Venetian-Croatian poet

Jerolim Kavanjin, also known as Girolamo Cavagnini (4 February 1641 – 29 November 1714), was a Venetian poet from Spalato (now Split, Croatia) who wrote in the Croatian language.

==Biography==
Kavanjin was born into a wealthy and noble family of Split, as a descendant of the Croaticised Italian family Cavagnini. Kavanjin rose to prominence at the same time as Ignjat Đurđević at the beginning of the 18th century. He was married to the sister of John Peter Marchi.
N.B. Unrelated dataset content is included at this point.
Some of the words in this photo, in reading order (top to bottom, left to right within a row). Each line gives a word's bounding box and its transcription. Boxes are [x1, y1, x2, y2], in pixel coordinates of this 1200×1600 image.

In 1703, Kavanjin became a member of the Illyrian Academy Marchi founded in 1703.

In his summer mansion on Sutivan, on the island of Brač, where he retired after military and legislative careers, Kavanjin wrote the most voluminous poetical work in the whole of Croatian literature, with approximately 32,500 verses: Poviest vanđelska bogatoga a nesretna Epuluna i ubogoga a čestita Lazara, usually referred to by the later editors, according to the subtitle in the original, as Bogatstvo i uboštvo ("Riches and Poverty"). This religious-philosophical epic is poetically inconsistent but stylistically marked (it is written, beside Split Čakavian, in Ijekavian–Ikavian Štokavian).
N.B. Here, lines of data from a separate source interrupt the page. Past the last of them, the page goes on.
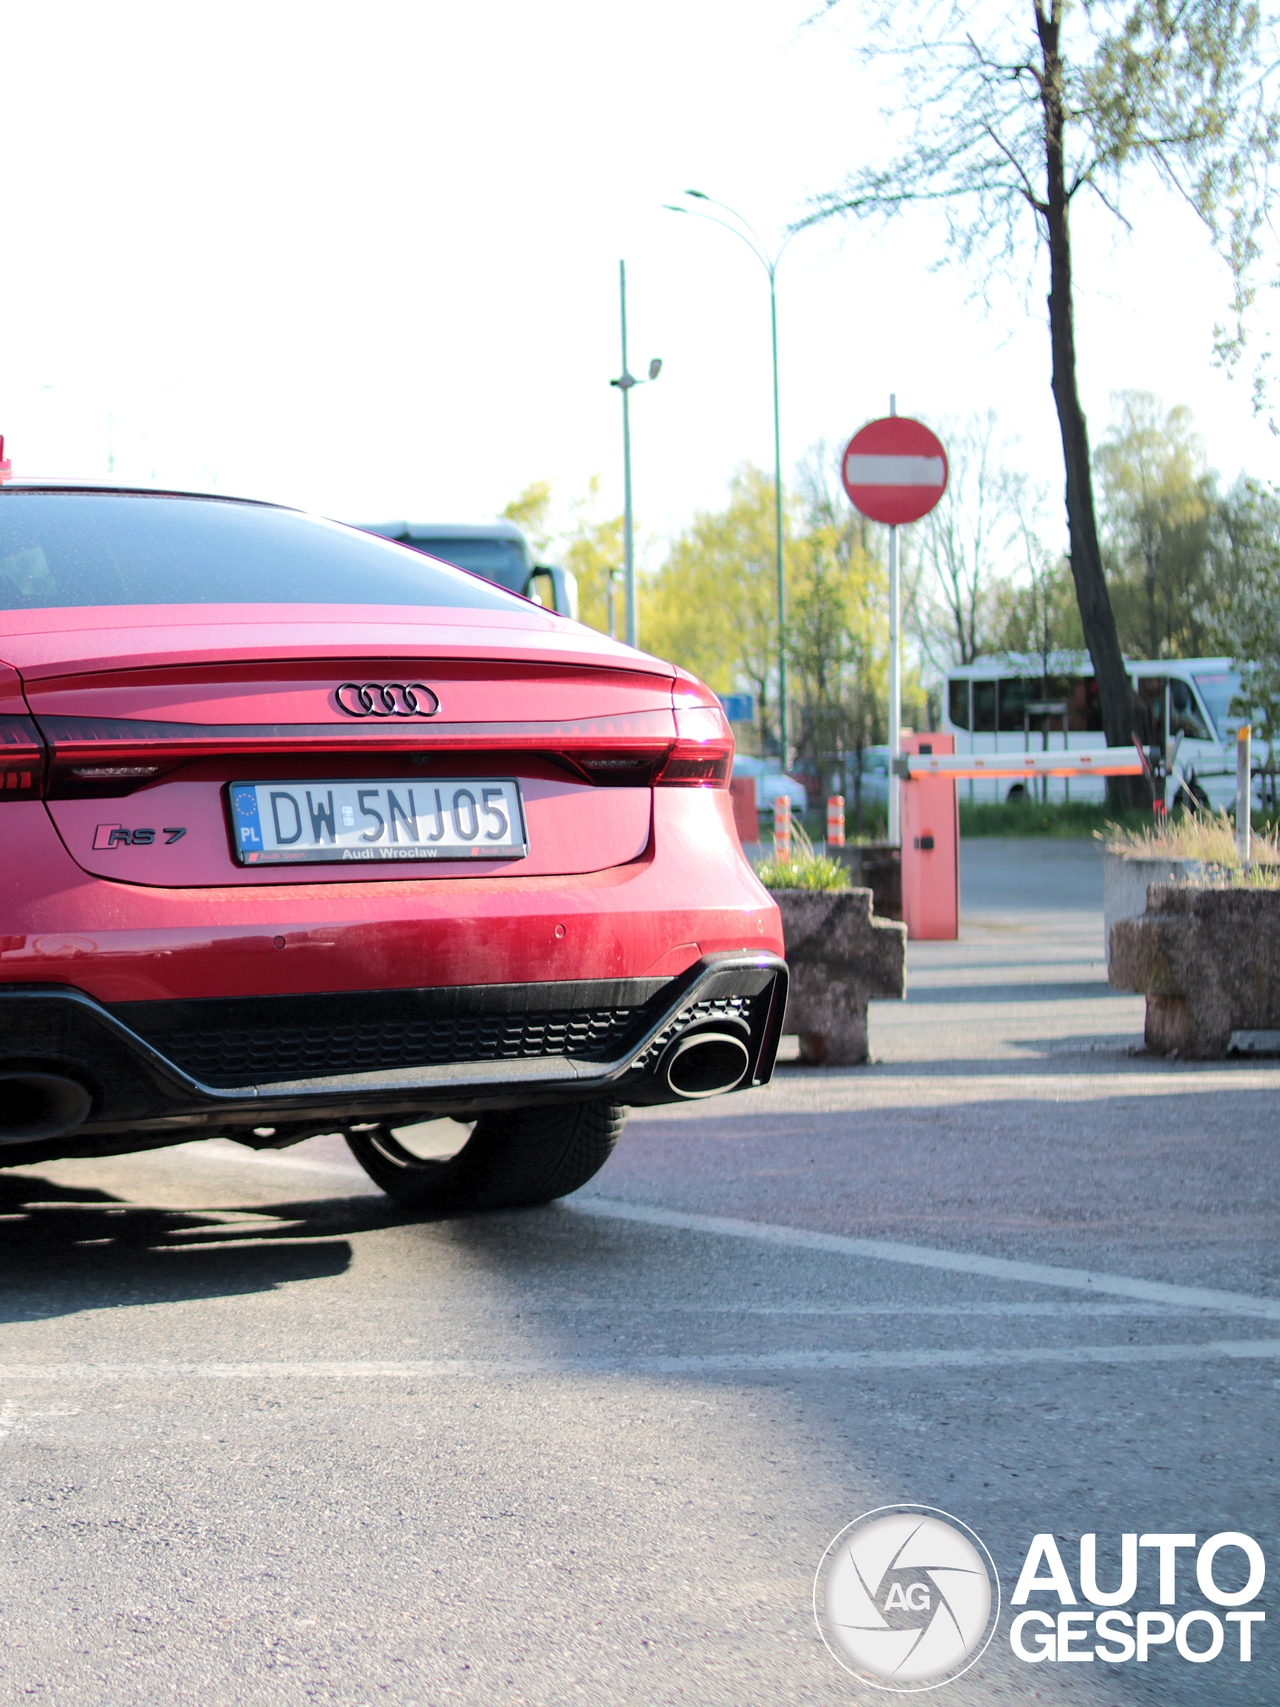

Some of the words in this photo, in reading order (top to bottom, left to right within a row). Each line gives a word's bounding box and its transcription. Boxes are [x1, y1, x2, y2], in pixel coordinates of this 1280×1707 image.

[269, 790, 336, 844] DW
[108, 828, 155, 845] RS
[163, 827, 187, 845] 7
[240, 826, 260, 842] PL
[282, 852, 306, 861] Sport
[341, 848, 374, 860] Audi
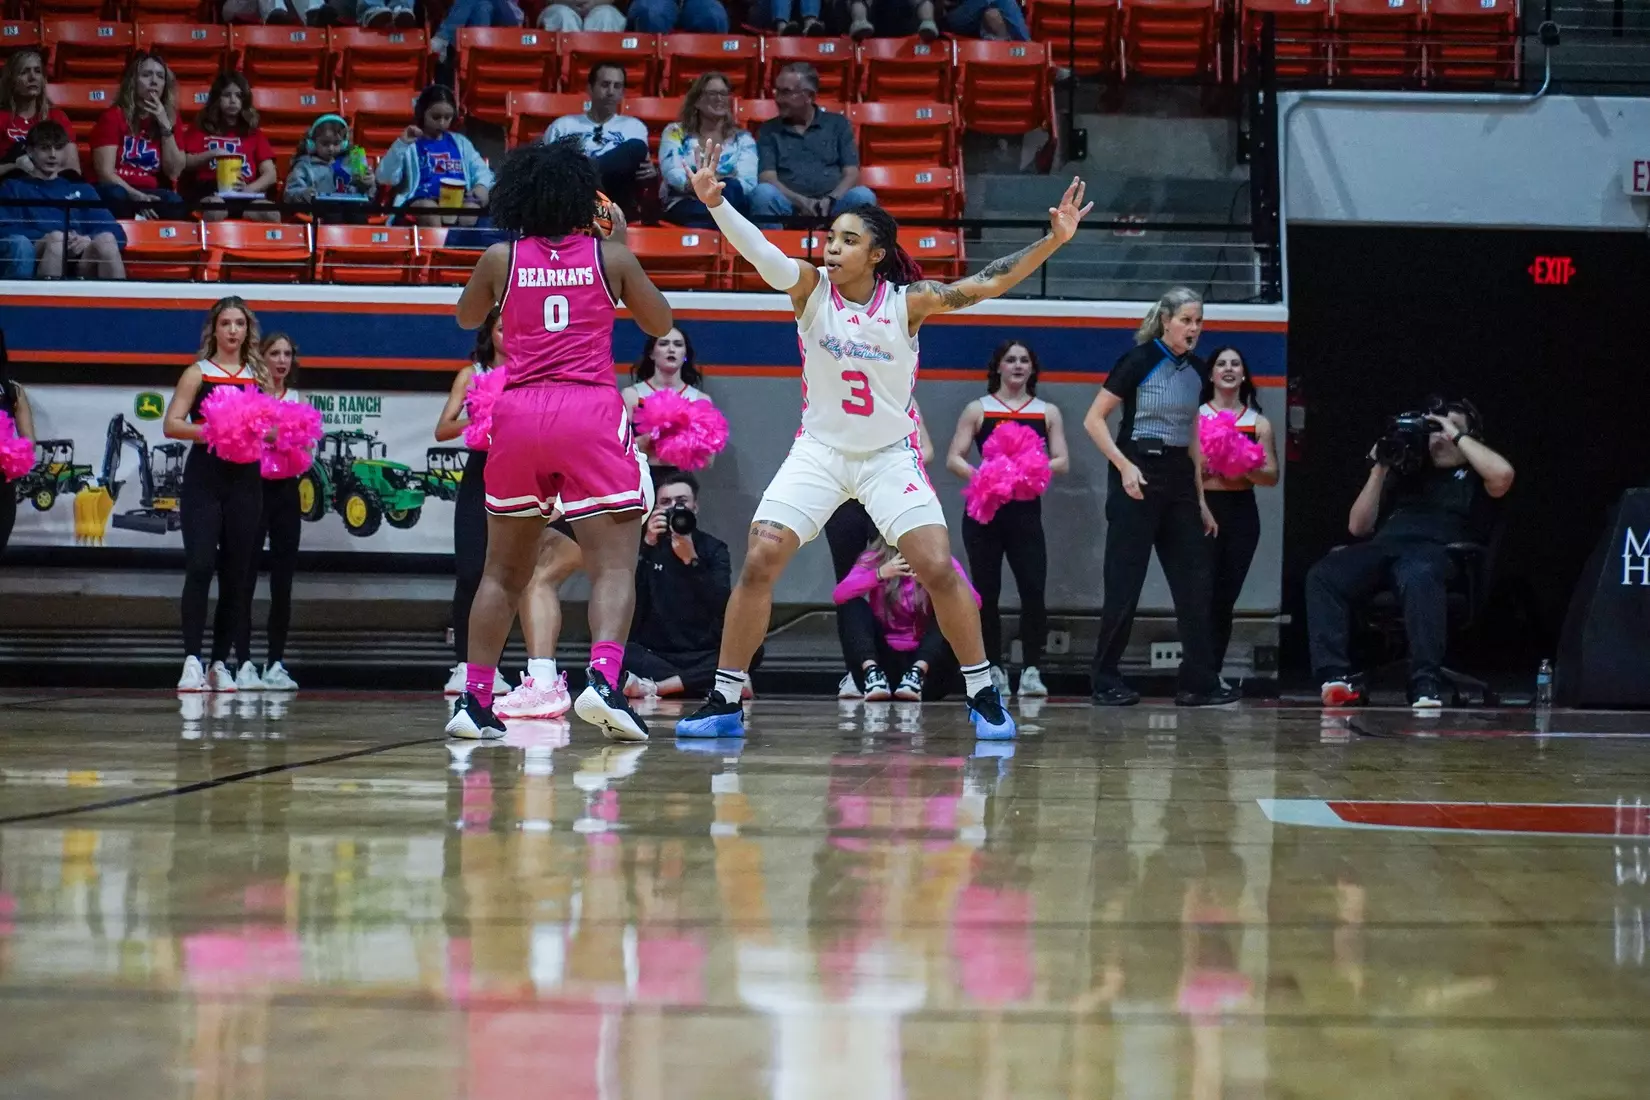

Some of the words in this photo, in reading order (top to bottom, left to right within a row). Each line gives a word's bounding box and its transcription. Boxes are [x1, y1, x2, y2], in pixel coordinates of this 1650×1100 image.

[1632, 160, 1650, 192] E
[517, 267, 594, 287] BEARKATS
[1534, 256, 1572, 284] EXIT
[543, 294, 569, 332] 0
[339, 396, 382, 412] RANCH
[841, 370, 874, 417] 3
[343, 414, 363, 424] TURF
[1621, 554, 1650, 585] H
Expressing the spirit of philosophical movements of the 17th and 18th centuries, this "encyclopædia in verses" (Josip Aranza) directs its Baroque spirituality towards the cogitation on life and human essentiality in the dual nature of the human and the divine.

Beside the classical humanistic, Latinate, and Italian literatures (such as Dante), the Bible and other religious writings, and beside the historical authors (such as Constantine Porphyrogenitus, priest of Duklja, Mavro Orbini), writings of the Old Dubrovnik have constituted the basic Kavanjin's reading list, above others Junije Palmotić and Ivan Gundulić.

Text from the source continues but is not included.